Activity: The answer must be an exact transcription of every record.

[Extracted data entries]
<<<<

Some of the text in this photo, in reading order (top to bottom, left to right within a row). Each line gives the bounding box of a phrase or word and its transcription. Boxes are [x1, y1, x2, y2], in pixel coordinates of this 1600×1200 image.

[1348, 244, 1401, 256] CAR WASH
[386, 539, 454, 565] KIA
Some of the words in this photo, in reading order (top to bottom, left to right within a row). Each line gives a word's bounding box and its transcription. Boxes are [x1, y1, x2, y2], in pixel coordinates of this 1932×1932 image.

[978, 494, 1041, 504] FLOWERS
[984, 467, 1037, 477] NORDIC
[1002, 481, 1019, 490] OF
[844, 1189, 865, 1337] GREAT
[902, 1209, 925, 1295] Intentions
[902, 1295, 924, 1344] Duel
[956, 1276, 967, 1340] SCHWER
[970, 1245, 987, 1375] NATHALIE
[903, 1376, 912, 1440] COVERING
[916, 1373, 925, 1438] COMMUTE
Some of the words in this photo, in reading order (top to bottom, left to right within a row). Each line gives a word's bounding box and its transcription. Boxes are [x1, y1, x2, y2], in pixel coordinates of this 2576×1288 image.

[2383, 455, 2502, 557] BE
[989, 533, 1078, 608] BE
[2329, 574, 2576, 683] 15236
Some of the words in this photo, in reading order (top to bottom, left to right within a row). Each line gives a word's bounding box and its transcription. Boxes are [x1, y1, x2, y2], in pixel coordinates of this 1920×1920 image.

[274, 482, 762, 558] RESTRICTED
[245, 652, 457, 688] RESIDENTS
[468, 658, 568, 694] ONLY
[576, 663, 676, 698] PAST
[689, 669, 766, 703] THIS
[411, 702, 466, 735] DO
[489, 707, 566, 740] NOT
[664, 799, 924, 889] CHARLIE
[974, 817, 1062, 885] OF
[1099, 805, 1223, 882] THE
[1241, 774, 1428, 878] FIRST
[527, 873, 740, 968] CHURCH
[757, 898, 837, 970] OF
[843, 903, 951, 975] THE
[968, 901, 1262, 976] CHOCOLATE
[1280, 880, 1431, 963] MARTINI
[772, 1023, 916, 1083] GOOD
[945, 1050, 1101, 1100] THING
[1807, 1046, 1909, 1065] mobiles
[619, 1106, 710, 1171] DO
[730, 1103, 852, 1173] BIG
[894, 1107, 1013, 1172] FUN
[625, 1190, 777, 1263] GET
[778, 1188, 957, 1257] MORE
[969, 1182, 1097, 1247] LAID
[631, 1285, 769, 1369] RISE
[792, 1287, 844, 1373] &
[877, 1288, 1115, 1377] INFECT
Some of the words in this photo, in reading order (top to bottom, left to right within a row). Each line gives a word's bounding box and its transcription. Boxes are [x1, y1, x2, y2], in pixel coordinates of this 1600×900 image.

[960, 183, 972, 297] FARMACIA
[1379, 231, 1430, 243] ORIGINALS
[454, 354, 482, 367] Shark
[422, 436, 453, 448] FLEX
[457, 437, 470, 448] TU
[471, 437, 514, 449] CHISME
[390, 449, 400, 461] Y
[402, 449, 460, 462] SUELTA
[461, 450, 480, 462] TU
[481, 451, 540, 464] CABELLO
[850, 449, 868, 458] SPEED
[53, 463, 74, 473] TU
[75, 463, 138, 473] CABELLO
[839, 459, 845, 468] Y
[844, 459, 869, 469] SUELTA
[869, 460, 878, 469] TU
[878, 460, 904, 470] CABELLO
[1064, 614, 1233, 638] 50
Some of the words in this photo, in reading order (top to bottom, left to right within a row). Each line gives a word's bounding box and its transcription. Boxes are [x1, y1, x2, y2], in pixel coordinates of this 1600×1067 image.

>>>>

Answer space:
Some of the text in this photo, in reading order (top to bottom, left to right within a row). Each line gives the bounding box of a phrase or word and its transcription. Boxes are [x1, y1, x2, y2], in pixel coordinates of this 1600×1200 image.

[1348, 244, 1401, 256] CAR WASH
[386, 539, 454, 565] KIA
Some of the words in this photo, in reading order (top to bottom, left to right within a row). Each line gives a word's bounding box and its transcription. Boxes are [x1, y1, x2, y2], in pixel coordinates of this 1932×1932 image.

[978, 494, 1041, 504] FLOWERS
[984, 467, 1037, 477] NORDIC
[1002, 481, 1019, 490] OF
[844, 1189, 865, 1337] GREAT
[902, 1209, 925, 1295] Intentions
[902, 1295, 924, 1344] Duel
[956, 1276, 967, 1340] SCHWER
[970, 1245, 987, 1375] NATHALIE
[903, 1376, 912, 1440] COVERING
[916, 1373, 925, 1438] COMMUTE
Some of the words in this photo, in reading order (top to bottom, left to right within a row). Each line gives a word's bounding box and its transcription. Boxes are [x1, y1, x2, y2], in pixel coordinates of this 2576×1288 image.

[2383, 455, 2502, 557] BE
[989, 533, 1078, 608] BE
[2329, 574, 2576, 683] 15236
Some of the words in this photo, in reading order (top to bottom, left to right within a row). Each line gives a word's bounding box and its transcription. Boxes are [x1, y1, x2, y2], in pixel coordinates of this 1920×1920 image.

[274, 482, 762, 558] RESTRICTED
[245, 652, 457, 688] RESIDENTS
[468, 658, 568, 694] ONLY
[576, 663, 676, 698] PAST
[689, 669, 766, 703] THIS
[411, 702, 466, 735] DO
[489, 707, 566, 740] NOT
[664, 799, 924, 889] CHARLIE
[974, 817, 1062, 885] OF
[1099, 805, 1223, 882] THE
[1241, 774, 1428, 878] FIRST
[527, 873, 740, 968] CHURCH
[757, 898, 837, 970] OF
[843, 903, 951, 975] THE
[968, 901, 1262, 976] CHOCOLATE
[1280, 880, 1431, 963] MARTINI
[772, 1023, 916, 1083] GOOD
[945, 1050, 1101, 1100] THING
[1807, 1046, 1909, 1065] mobiles
[619, 1106, 710, 1171] DO
[730, 1103, 852, 1173] BIG
[894, 1107, 1013, 1172] FUN
[625, 1190, 777, 1263] GET
[778, 1188, 957, 1257] MORE
[969, 1182, 1097, 1247] LAID
[631, 1285, 769, 1369] RISE
[792, 1287, 844, 1373] &
[877, 1288, 1115, 1377] INFECT
Some of the words in this photo, in reading order (top to bottom, left to right within a row). Each line gives a word's bounding box and its transcription. Boxes are [x1, y1, x2, y2], in pixel coordinates of this 1600×900 image.

[960, 183, 972, 297] FARMACIA
[1379, 231, 1430, 243] ORIGINALS
[454, 354, 482, 367] Shark
[422, 436, 453, 448] FLEX
[457, 437, 470, 448] TU
[471, 437, 514, 449] CHISME
[390, 449, 400, 461] Y
[402, 449, 460, 462] SUELTA
[461, 450, 480, 462] TU
[481, 451, 540, 464] CABELLO
[850, 449, 868, 458] SPEED
[53, 463, 74, 473] TU
[75, 463, 138, 473] CABELLO
[839, 459, 845, 468] Y
[844, 459, 869, 469] SUELTA
[869, 460, 878, 469] TU
[878, 460, 904, 470] CABELLO
[1064, 614, 1233, 638] 50
Some of the words in this photo, in reading order (top to bottom, left to right within a row). Each line gives a word's bounding box and its transcription. Boxes are [x1, y1, x2, y2], in pixel coordinates of this 1600×1067 image.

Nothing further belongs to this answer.